Adnan était un prisonnier politique, quelle que soit la définition qu’on lui donne. Personne ne l’a jamais accusé de terrorisme et lorsqu’il a finalement été inculpé pour quelque chose (et ce pour quoi il était en prison au moment de sa mort), c’était pour des délits relativement mineurs - appartenance à une organisation illégale et incitation à la violence, ce qui incluait de se rendre au domicile des personnes en deuil et d’encourager les grèves de la faim. Pour cela, il a été maintenu en prison jusqu’à la fin de son procès.

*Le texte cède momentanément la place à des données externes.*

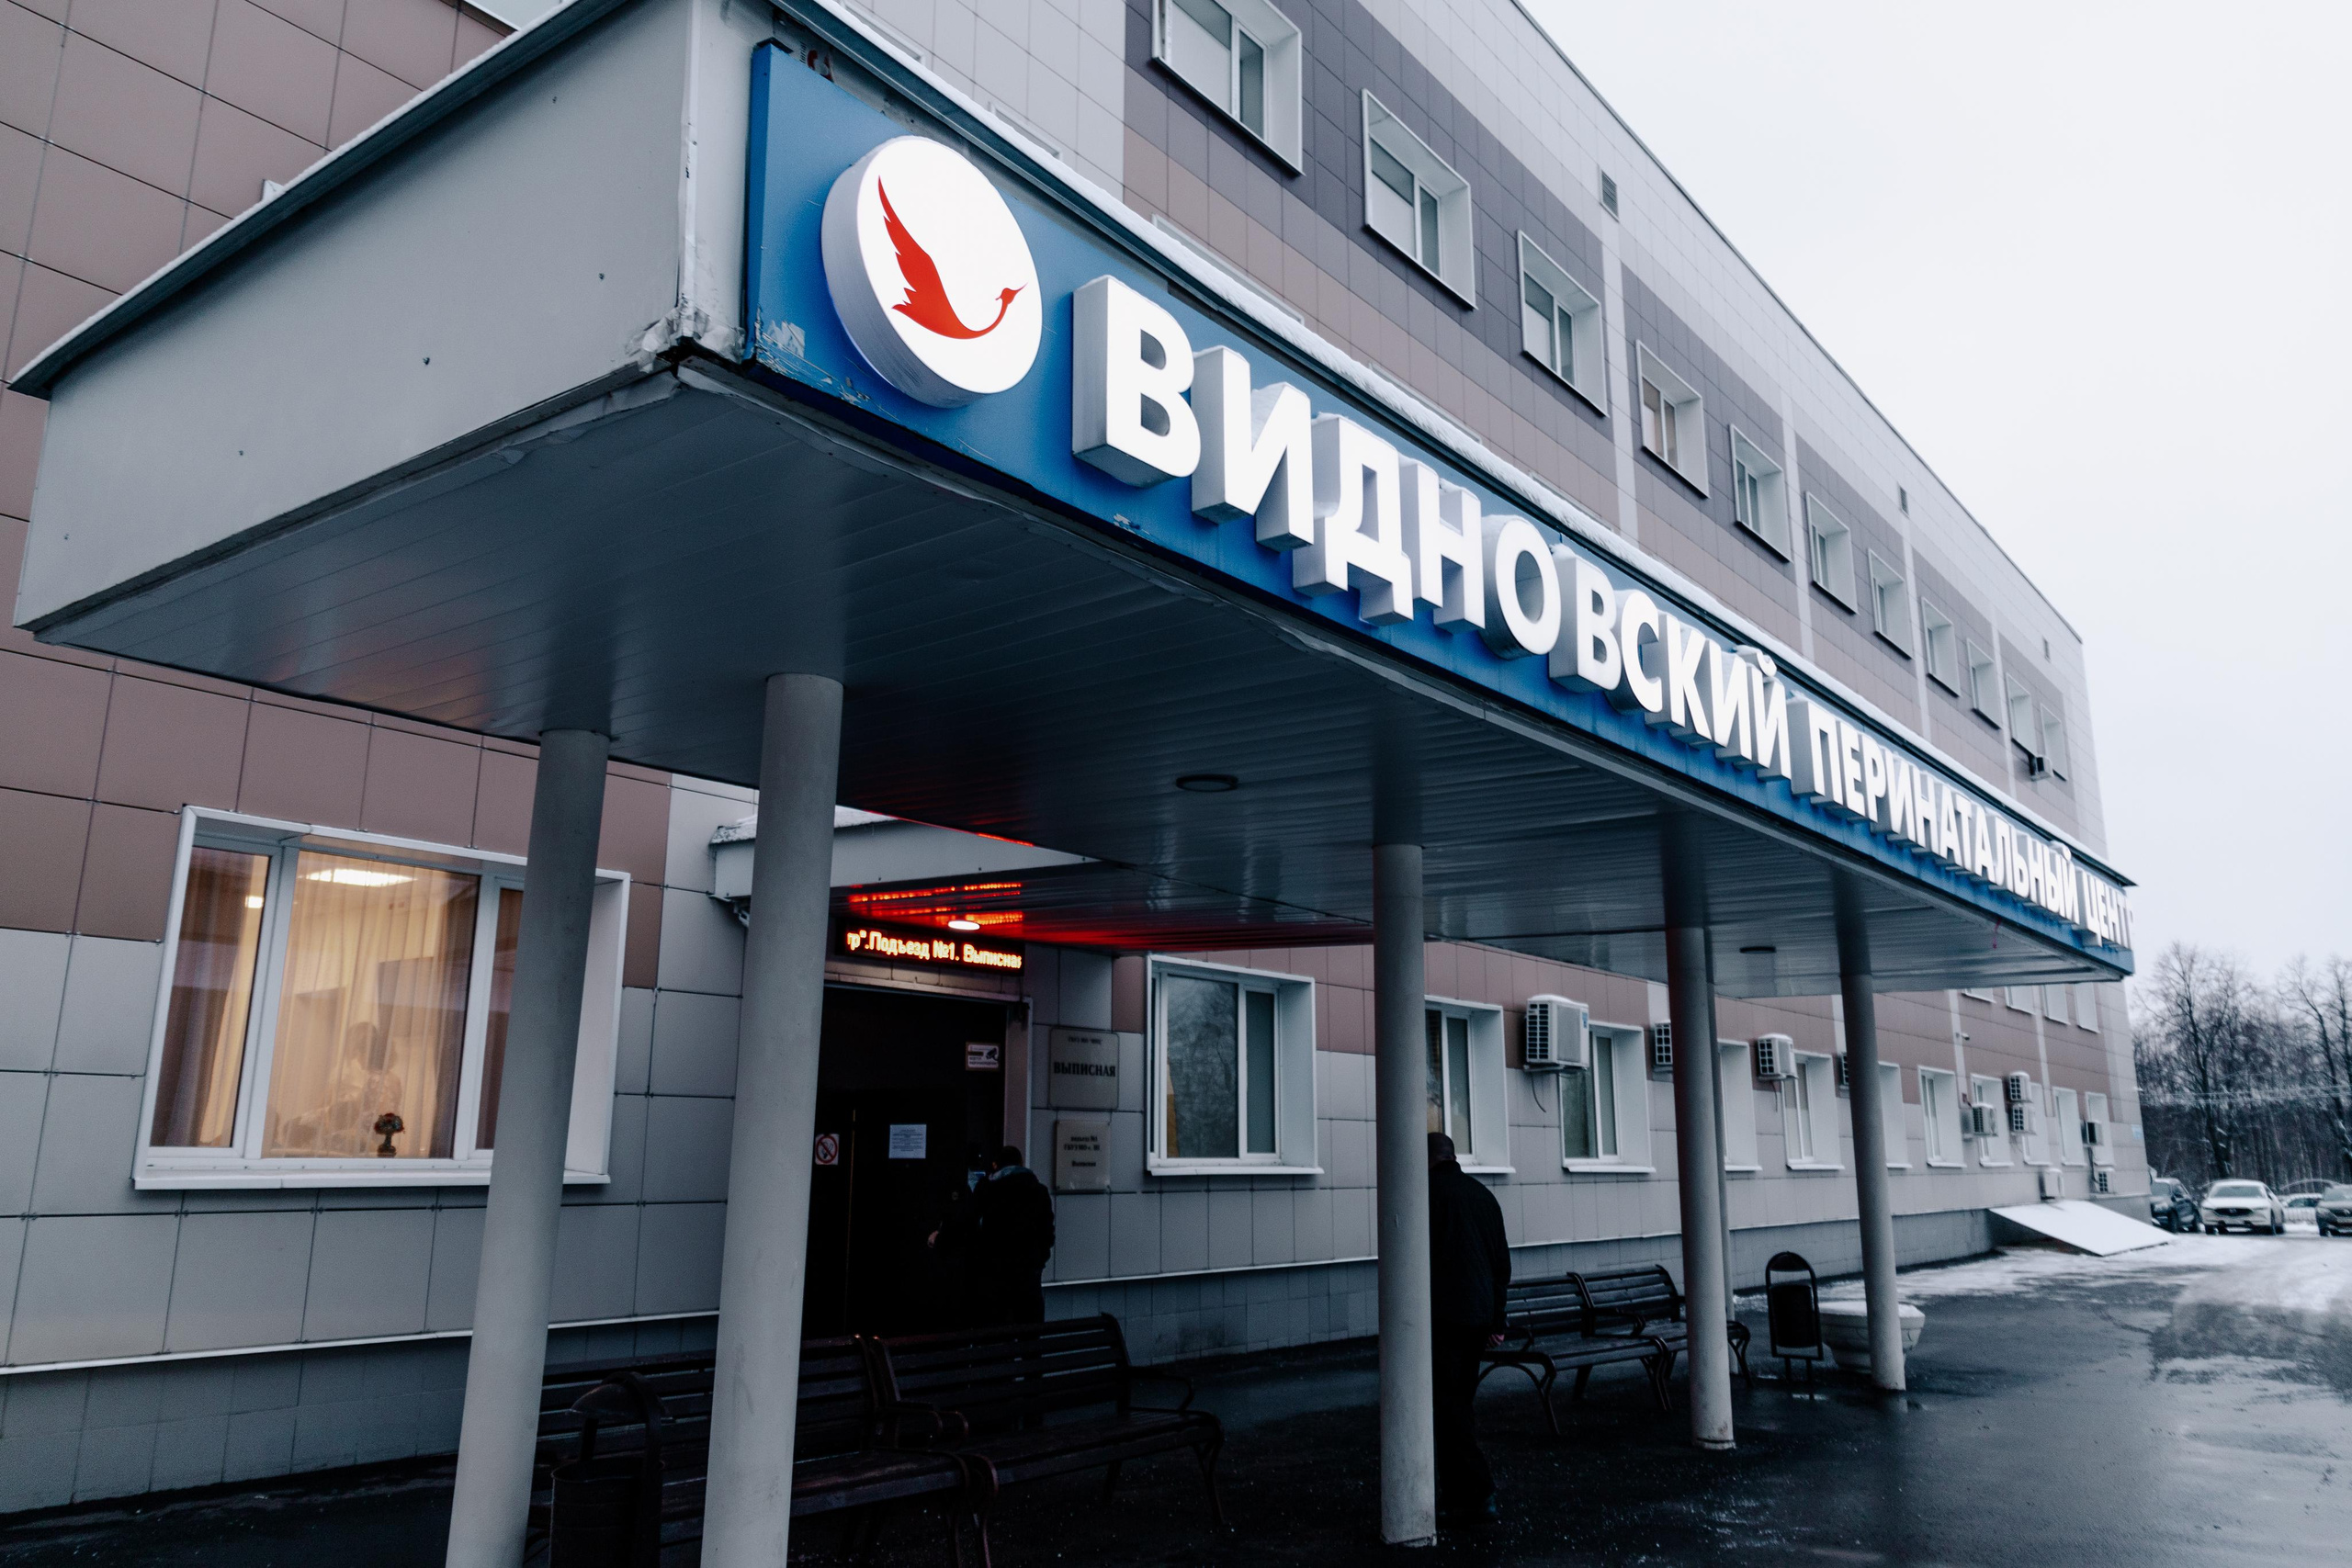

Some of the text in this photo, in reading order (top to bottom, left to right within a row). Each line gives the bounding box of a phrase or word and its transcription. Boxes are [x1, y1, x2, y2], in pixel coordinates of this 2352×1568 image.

[1072, 276, 1792, 781] ВИДНОВСКИЙ
[1792, 697, 2079, 925] ПЕРИНАТАЛЬНЫЙ
[1054, 1062, 1115, 1077] ВЫПИСНАЯ

S’il ne s’agit pas d’une détention politique, qu’est-ce que c’est ?

Alexei Navalny a été placé 10 fois en détention administrative par le régime despotique russe, tandis qu’Adnan a été placé 12 fois en détention administrative par l’État démocratique d’Israël. Les deux hommes étaient des opposants au régime. S’il avait été russe, birman, irlandais ou iranien, Adnan aurait été considéré comme un honorable combattant de la liberté, même par les Israéliens. Étant Palestinien, il était considéré comme un terroriste.

Les 86 derniers jours d’Adnan ont été des jours d’abus, qui lui ont causé une souffrance indescriptible. Mais ce furent aussi des jours de disgrâce pour Israël, pour son discours public, ses médias et le mouvement de protestation [contre la réforme judiciaire]. Qui avait entendu parler de sa grève de la faim ? Qui en a parlé ? Qui s’en est soucié ? Il souffrira, il mourra, nous sommes au milieu d’un combat pour notre démocratie.

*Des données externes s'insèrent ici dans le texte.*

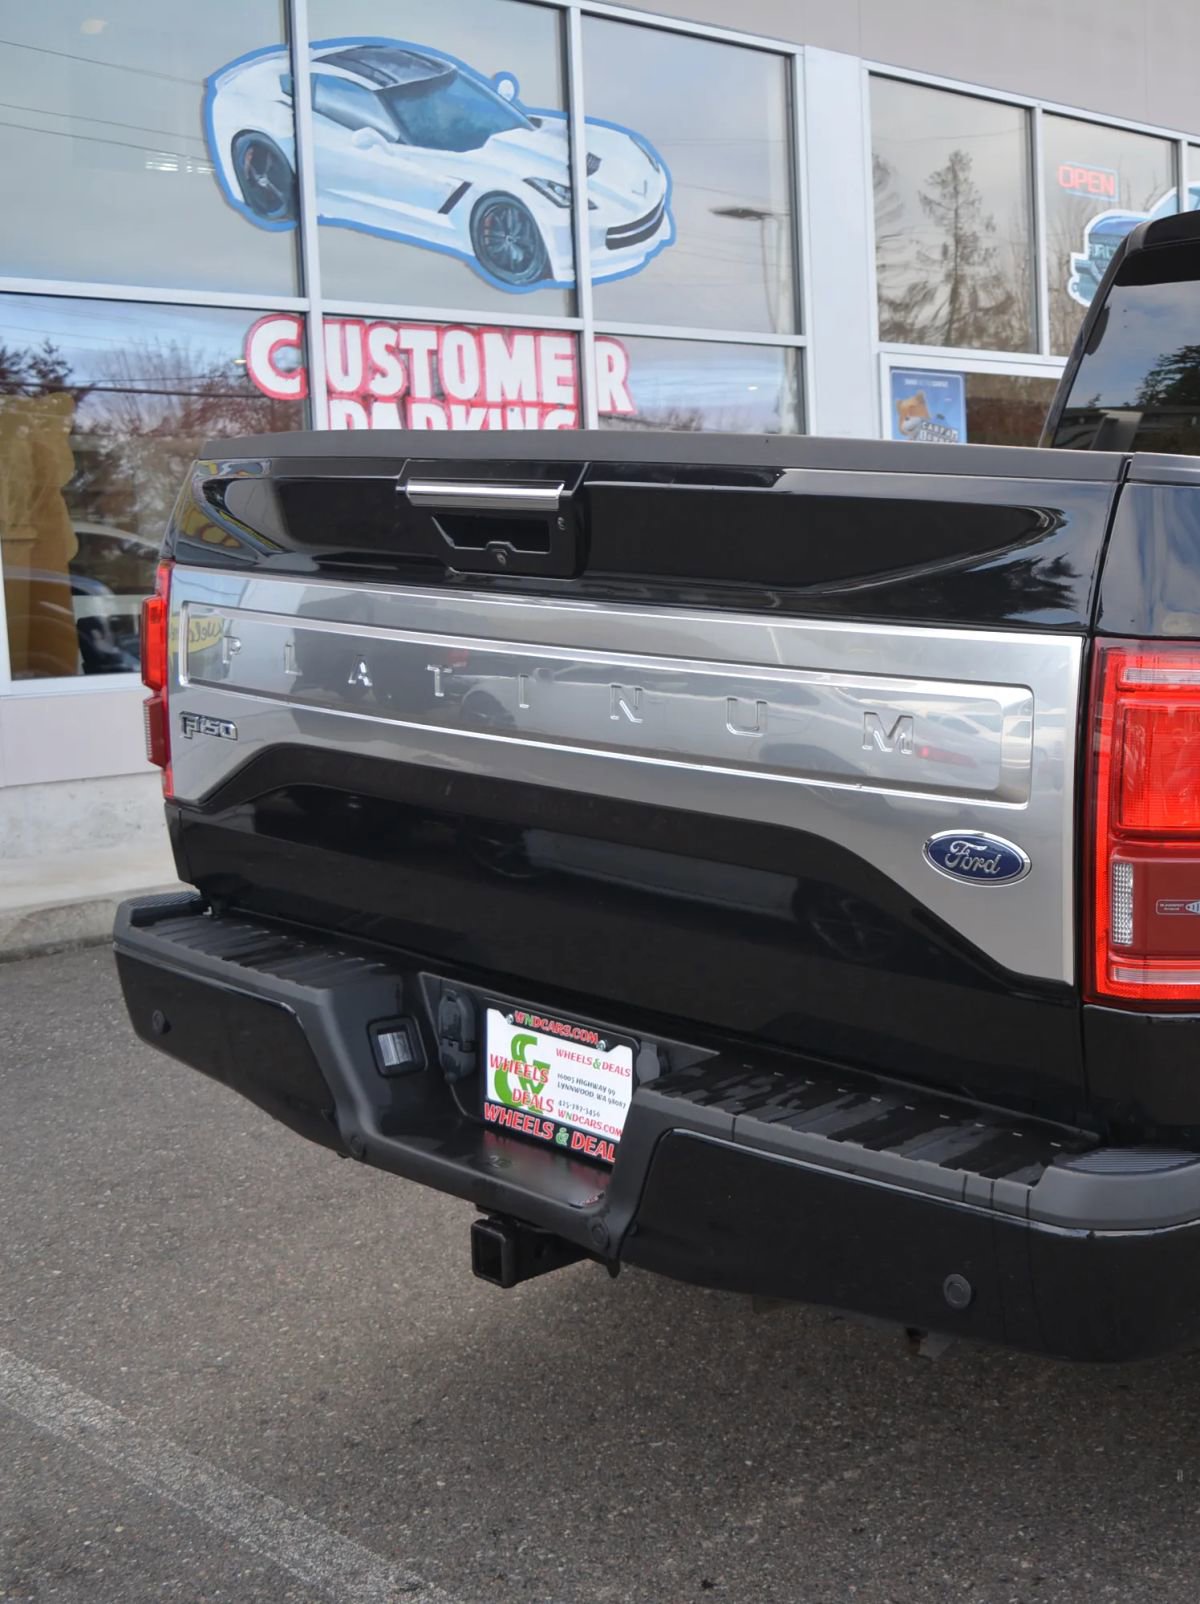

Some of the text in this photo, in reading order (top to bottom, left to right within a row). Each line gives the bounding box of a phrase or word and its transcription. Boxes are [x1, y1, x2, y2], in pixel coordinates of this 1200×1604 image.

[1058, 165, 1115, 196] OPEN
[246, 314, 637, 415] CUSTOMER
[223, 634, 915, 756] PLATINUM
[944, 840, 1002, 874] Ford
[514, 1010, 599, 1045] WNDCARS.COM
[490, 1053, 549, 1084] WHEELS
[512, 1088, 555, 1113] DEALS
[575, 1077, 607, 1093] HIGHWAY
[608, 1088, 616, 1096] 99
[596, 1093, 607, 1102] WA
[483, 1102, 555, 1140] WHEELS
[555, 1127, 570, 1147] &

La mort d’un combattant de la liberté a reçu moins d’attention que celle d’un chien errant. Et lorsque Adnan a finalement rendu son dernier souffle - nous en avions assez de lui et de sa guerre pour la liberté - la seule chose qui nous intéressait était la réaction du Djihad islamique. Personne n’a parlé de ses motivations, de la justesse de sa cause, du déshonneur que représente la détention administrative d’un millier de personnes, ni de la manière dont il est mort. Personne ne s’est demandé si sa mort aurait pu et dû être évitée, ce qui aurait permis d’éviter une nouvelle série de combats dans le sud.

Cette fois, la responsabilité du barrage de roquettes incombe au Shin Bet et à l’administration pénitentiaire israélienne, qui ont délibérément empêché qu’Adnan soit sauvé.

Ils voulaient qu’il meure ; sinon, ils l’auraient hospitalisé, comme ils l’ont fait lors de ses précédentes grèves. Adnan ne voulait pas mourir. Ils voulaient qu’il meure pour qu’on les craigne. Ils voulaient qu’il meure parce qu’ils voyaient que personne en Israël ne se souciait plus, ni de sa vie, ni de sa mort.

Ils l’ont laissé mourir en sachant pertinemment que sa mort entraînerait une nouvelle vague de violence, et même dans ce cas, ils n’ont pas bougé le petit doigt. Au milieu de toutes les protestations, de la suffisance infinie des protestataires et de leur indifférence à l’égard de l’occupation qui en découle, on peut faire presque n’importe quoi aux Palestiniens. Silence, on est en train de protester.

J’ai suivi les arrestations d’Adnan. J’ai rencontré son père, sa femme et sa sœur chez lui, à Arraba, lors de sa première grève de la faim. Je l’ai rencontré à l’arrière d’une pharmacie à Naplouse, après son avant-dernière grève de la faim. C’était un homme brisé après 54 jours de faim, mais il était déterminé à ne pas se rendre, même s’il exagérait son importance pour la lutte palestinienne : « Israël m’a transformé en symbole - j’ai réussi à montrer son visage hideux ».

Adnan s’exprimait dans un hébreu coloré qui comprenait beaucoup de “avec l’aide de Dieu” et de “béni soit Dieu”. Lorsqu’il a mentionné à son intervieweur qu’il espérait revoir ses enfants avec l’aide de Dieu, celui-ci lui a répondu : “Dieu est occupé en ce moment en Syrie”.

Les geôliers d’Adnan mangeaient du chawarma et des pizzas dans sa chambre d’hôpital lors de sa précédente grève de la faim, ce qui lui a causé d’immenses souffrances. Combien de poids avait-il perdu ? « Ne me demandez pas combien j’ai perdu, mais combien ma dignité a augmenté », a-t-il répondu.

Aujourd’hui, il est mort dans la dignité. Il est dommage que davantage d’Israéliens ne l’aient pas honoré comme il le méritait.